Perusing the major online retailers – and it would appear Finlux have been doing the same – at the time of publishing (Feb 2015), there isn’t much around in terms of a 55-inch Smart TV that can touch the FTE242S-T, price-wise. The 55-inch sector has been one of the success stories in 2014 for the manufacturers and the new lines have yet to hit the stores. We realise this isn’t really answering the question so let’s put it this way – if you’re in the market for, specifically, a 55-inch TV with a good set of Smart TV pictures, mostly really good high definition pictures and an attractive design, we definitely recommend you take a look but if you’re finicky about image accuracy, it might be worth holding on.
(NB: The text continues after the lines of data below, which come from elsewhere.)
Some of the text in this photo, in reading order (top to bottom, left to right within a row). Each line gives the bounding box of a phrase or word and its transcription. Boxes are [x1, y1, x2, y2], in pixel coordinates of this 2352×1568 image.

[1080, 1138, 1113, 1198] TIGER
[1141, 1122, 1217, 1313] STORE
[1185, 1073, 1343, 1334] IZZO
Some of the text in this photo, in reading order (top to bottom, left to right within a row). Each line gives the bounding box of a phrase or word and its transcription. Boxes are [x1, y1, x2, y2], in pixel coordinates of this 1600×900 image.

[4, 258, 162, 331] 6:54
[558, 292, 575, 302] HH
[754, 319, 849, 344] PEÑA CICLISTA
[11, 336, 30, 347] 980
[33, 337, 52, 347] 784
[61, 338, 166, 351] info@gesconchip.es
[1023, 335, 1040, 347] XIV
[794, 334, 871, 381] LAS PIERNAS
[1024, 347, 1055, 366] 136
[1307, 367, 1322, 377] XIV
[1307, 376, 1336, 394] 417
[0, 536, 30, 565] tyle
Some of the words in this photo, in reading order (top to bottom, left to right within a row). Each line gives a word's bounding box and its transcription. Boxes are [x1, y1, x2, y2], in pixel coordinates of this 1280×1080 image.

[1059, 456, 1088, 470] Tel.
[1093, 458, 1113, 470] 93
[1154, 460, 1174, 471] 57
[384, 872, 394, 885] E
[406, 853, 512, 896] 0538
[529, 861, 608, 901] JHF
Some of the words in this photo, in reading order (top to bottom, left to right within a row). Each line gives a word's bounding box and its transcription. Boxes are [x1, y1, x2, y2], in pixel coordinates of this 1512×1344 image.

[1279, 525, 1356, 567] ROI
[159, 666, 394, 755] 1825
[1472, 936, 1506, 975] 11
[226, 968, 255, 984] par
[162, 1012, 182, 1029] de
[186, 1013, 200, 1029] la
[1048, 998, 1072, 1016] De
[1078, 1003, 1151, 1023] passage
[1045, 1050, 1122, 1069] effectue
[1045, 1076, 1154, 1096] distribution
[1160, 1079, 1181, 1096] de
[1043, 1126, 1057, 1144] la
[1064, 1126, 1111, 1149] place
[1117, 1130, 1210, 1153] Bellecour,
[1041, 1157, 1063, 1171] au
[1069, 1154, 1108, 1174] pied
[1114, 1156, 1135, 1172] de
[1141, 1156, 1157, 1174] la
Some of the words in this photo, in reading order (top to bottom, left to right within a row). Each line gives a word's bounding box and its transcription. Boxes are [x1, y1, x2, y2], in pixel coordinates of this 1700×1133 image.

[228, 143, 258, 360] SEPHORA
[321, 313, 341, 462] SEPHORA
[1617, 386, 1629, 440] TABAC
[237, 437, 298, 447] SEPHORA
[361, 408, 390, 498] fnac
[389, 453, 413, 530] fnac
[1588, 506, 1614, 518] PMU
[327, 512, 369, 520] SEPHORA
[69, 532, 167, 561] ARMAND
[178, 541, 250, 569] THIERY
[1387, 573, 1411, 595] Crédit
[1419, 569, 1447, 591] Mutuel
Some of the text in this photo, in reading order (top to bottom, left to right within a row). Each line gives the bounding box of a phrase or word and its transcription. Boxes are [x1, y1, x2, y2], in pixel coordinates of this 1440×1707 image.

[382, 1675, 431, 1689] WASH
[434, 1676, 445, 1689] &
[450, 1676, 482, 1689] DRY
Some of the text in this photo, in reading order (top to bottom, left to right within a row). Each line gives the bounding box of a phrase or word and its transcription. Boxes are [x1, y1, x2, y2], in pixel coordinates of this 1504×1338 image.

What else could I consider?
If you’ve read the section above, which we hope you have, you’ll know that the current market is starved of direct competition. If you’re prepared to drop 5-inches, then the 50-inch version of the Samsung H5500 will provide better pictures and smart functionality at the same price but other than that, we’re struggling to offer a real alternative. But with all the new models due to be released, you could sit tight for a while and have a look at our Ultimate TV Buyers Guide for some more pointers.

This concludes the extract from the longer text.